SUPERIOR COURT OF NEW JERSEY APPELLATE DIVISION


February 25, 2009

STATE OF NEW JERSEY, PLAINTIFF-RESPONDENT,
v.
ROOSEVELT PINCKNEY, DEFENDANT-APPELLANT.

On appeal from the Superior Court of New Jersey, Law Division, Camden County, Indictment Nos. 02-08-2990 and 02-12-3975.

Per curiam.

NOT FOR PUBLICATION WITHOUT THE APPROVAL OF THE APPELLATE DIVISION

Submitted February 2, 2009

Before Judges Lisa and Alvarez.

Defendant appeals from an order denying his post-conviction relief (PCR) petition. On March 10, 2003, pursuant to a plea agreement, defendant pled guilty under two separate indictments to first-degree armed robbery, N.J.S.A. 2C:15-1, and third- degree possession of a controlled dangerous substance (CDS), N.J.S.A. 2C:35-10a(1). As recommended in the plea agreement, he was sentenced to twelve years imprisonment with an 85% parole disqualifier pursuant to the No Early release Act (NERA), N.J.S.A. 2C:43-7.2, on the robbery conviction and a concurrent three-year term on the CDS conviction. Because his appeal pertained only to sentencing issues the matter was placed on our excessive sentence oral argument calendar. See R. 2:9-11. By order of February 9, 2005, we affirmed defendant's sentence. State v. Pinckney, No. A-6088-03T4 (App. Div. February 10, 2005). Defendant did not file a petition for certification with the Supreme Court.

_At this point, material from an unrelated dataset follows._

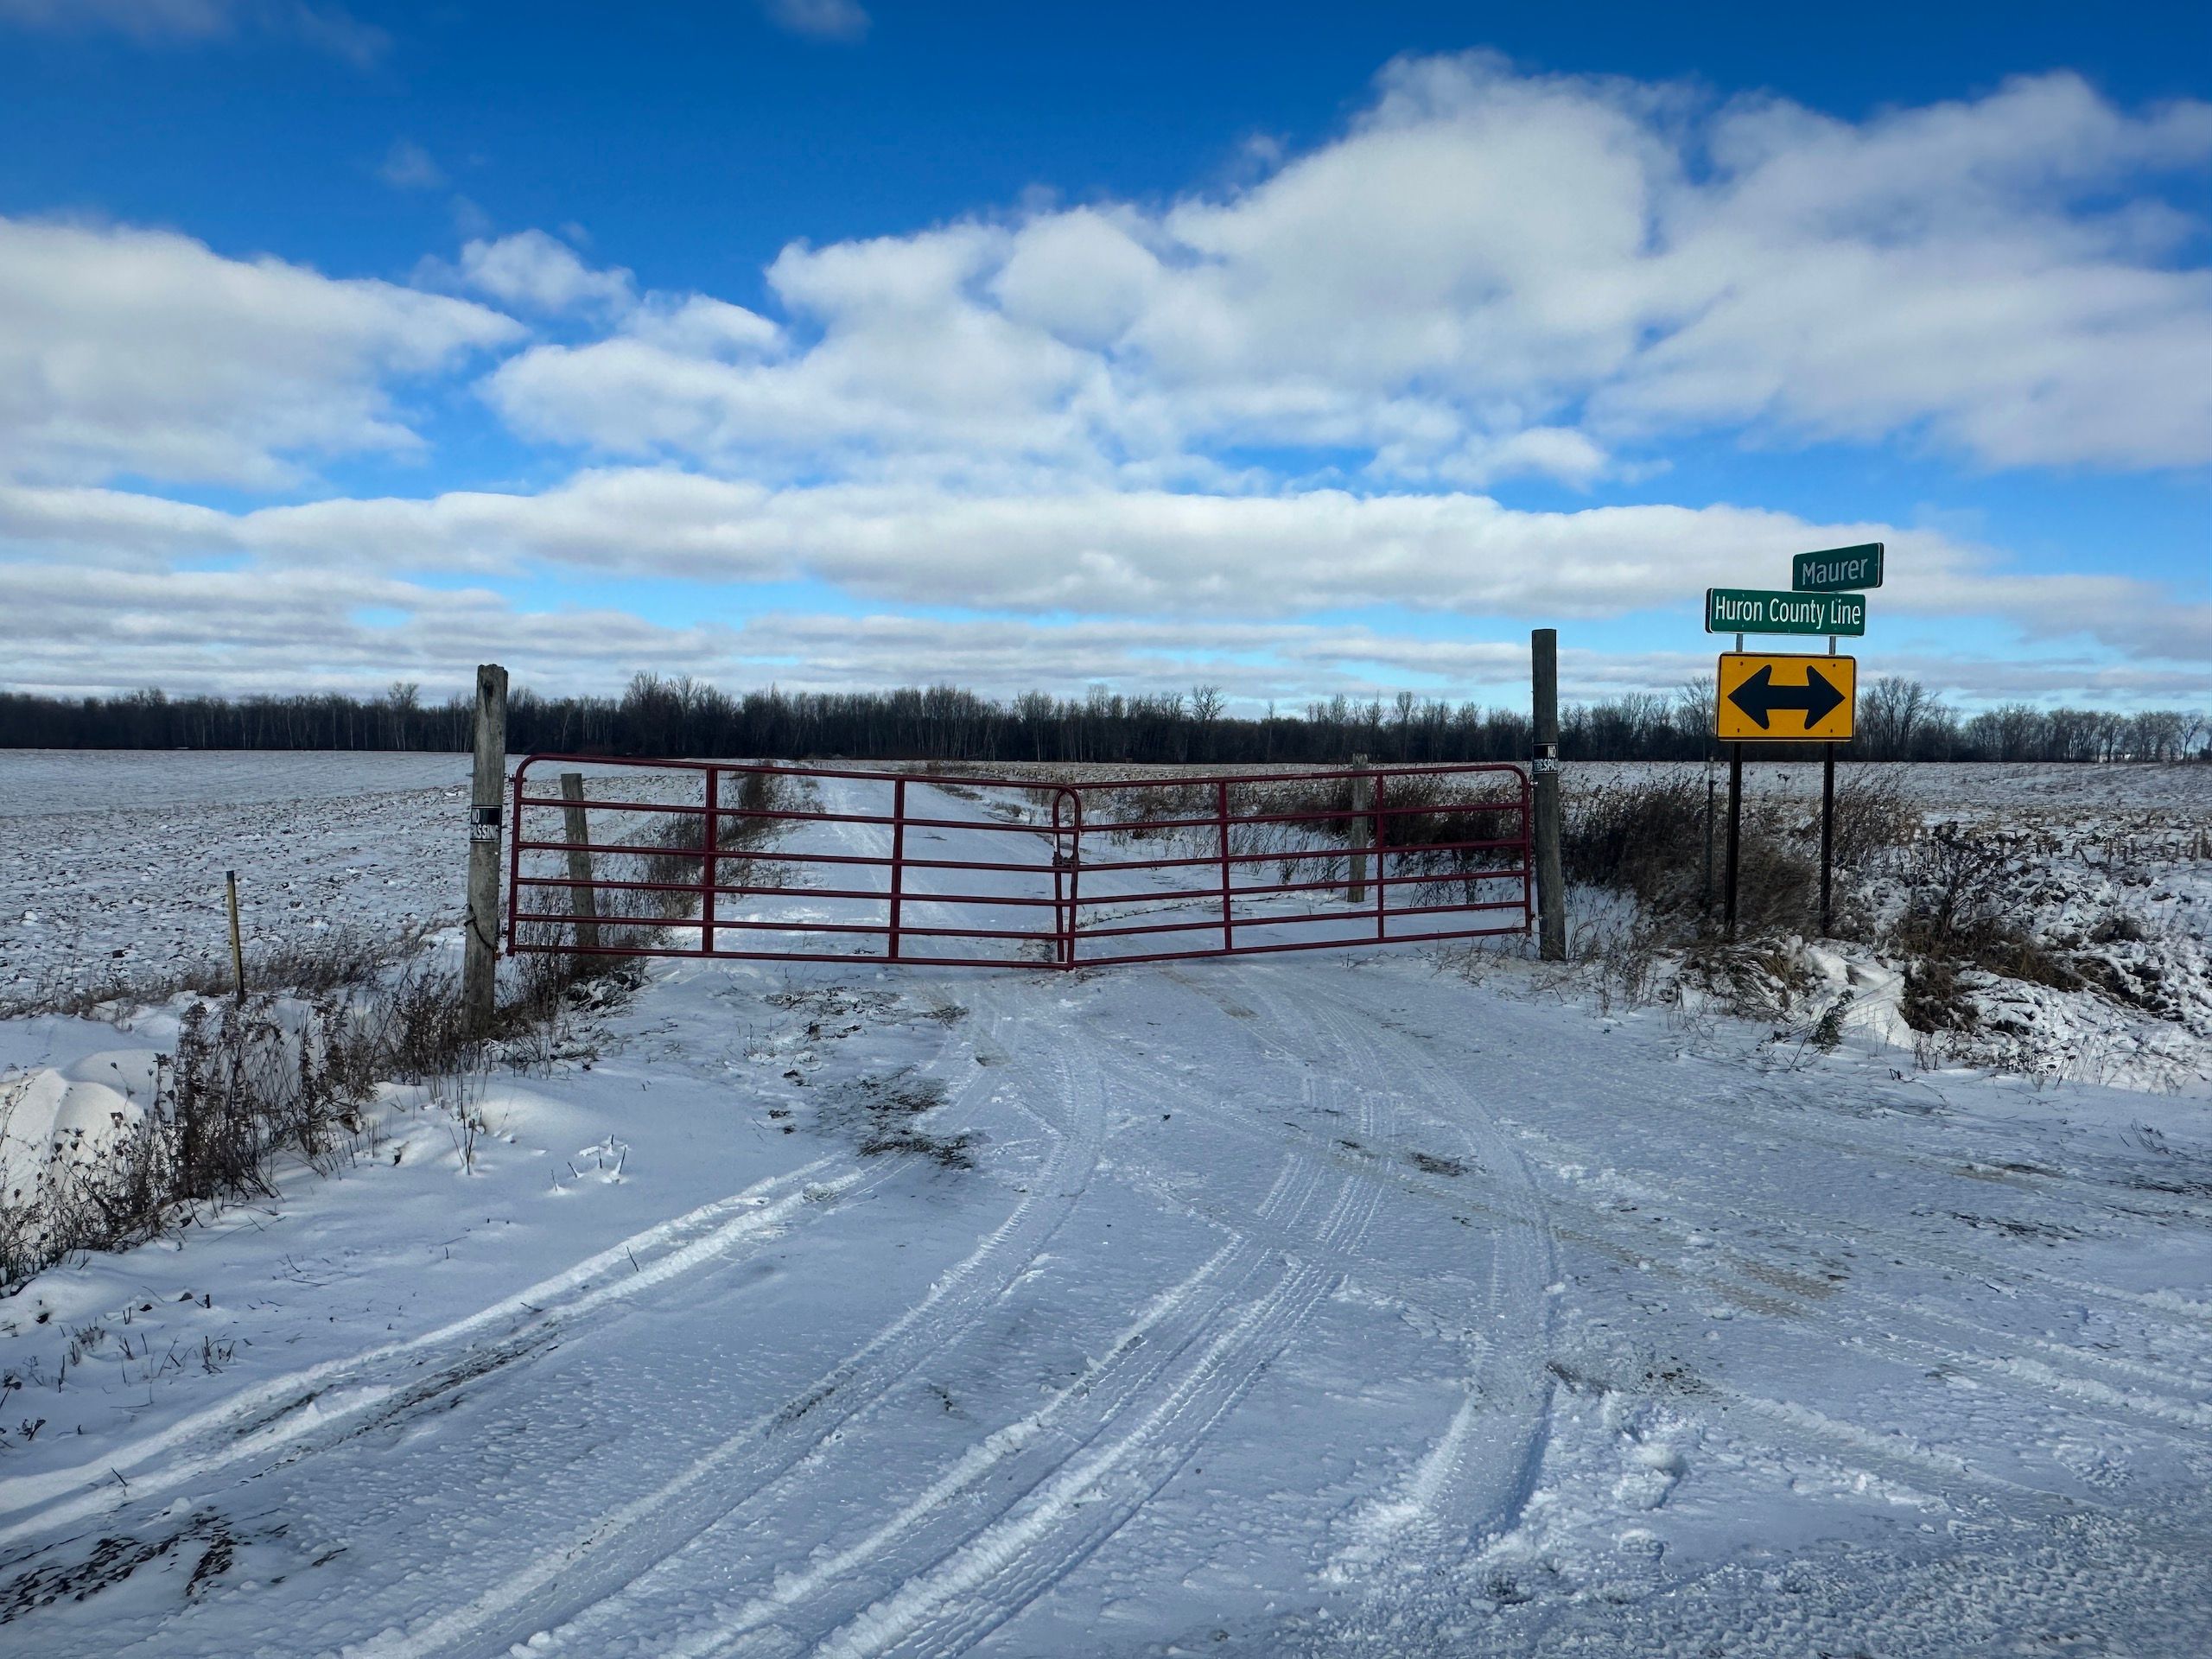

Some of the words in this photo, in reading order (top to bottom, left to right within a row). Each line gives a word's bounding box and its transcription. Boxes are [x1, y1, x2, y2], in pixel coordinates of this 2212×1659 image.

[1802, 557, 1869, 586] Maurer
[1715, 595, 1763, 621] Huron
[1770, 597, 1825, 629] County
[1830, 599, 1861, 625] Line

On December 28, 2005, defendant filed his PCR petition. On November 2, 2006, designated counsel filed a supplemental brief on defendant's behalf. PCR counsel argued that defendant's trial counsel was ineffective in several respects, that the trial court erred in accepting defendant's guilty plea without further exploration of defendant's mental state and because defendant's plea was not knowing, intelligent and voluntary, and that the court erred in imposing a twelve-year sentence because it failed to consider an applicable mitigating factor. The matter came before Judge Holden on May 7, 2007. Defendant did not request an evidentiary hearing. After hearing oral argument, the judge denied the PCR petition and entered an order accordingly.

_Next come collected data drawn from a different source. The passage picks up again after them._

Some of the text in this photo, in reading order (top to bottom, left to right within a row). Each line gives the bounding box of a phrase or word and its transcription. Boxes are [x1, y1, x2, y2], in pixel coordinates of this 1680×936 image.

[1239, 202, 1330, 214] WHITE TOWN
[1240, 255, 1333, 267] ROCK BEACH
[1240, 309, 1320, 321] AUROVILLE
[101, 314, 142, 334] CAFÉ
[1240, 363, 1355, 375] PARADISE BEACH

On appeal, defendant argues:

POINT I

DEFENDANT WAS DEPRIVED OF HIS SIXTH AMENDMENT RIGHT TO THE EFFECTIVE ASSISTANCE OF TRIAL COUNSEL.

POINT II

THE TRIAL COURT WAS REQUIRED TO CONDUCT A COMPETENCY HEARING TO ASSESS DEFENDANT'S MENTAL STATE BEFORE ACCEPTING DEFENDANT'S GUILTY PLEAS.

POINT III

THE TRIAL COURT ERRONEOUSLY ACCEPTED DEFENDANT'S GUILTY PLEAS, AS THEY WERE NOT GIVEN VOLUNTARILY, KNOWINGLY AND INTELLIGENTLY.

POINT IV

DEFENDANT WAS DENIED HIS CONSTITUTIONAL RIGHT TO EFFECTIVE ASSISTANCE OF COUNSEL ON APPEAL (Not raised below).

POINT V

PROCEDURAL BARS AGAINST POST-CONVICTION RELIEF DO NOT APPLY.

POINT VI

DEFENDANT WAS ENTITLED TO AN EVIDENTIARY HEARING ON HIS POST-CONVICTION RELIEF CLAIMS. [Not raised below.]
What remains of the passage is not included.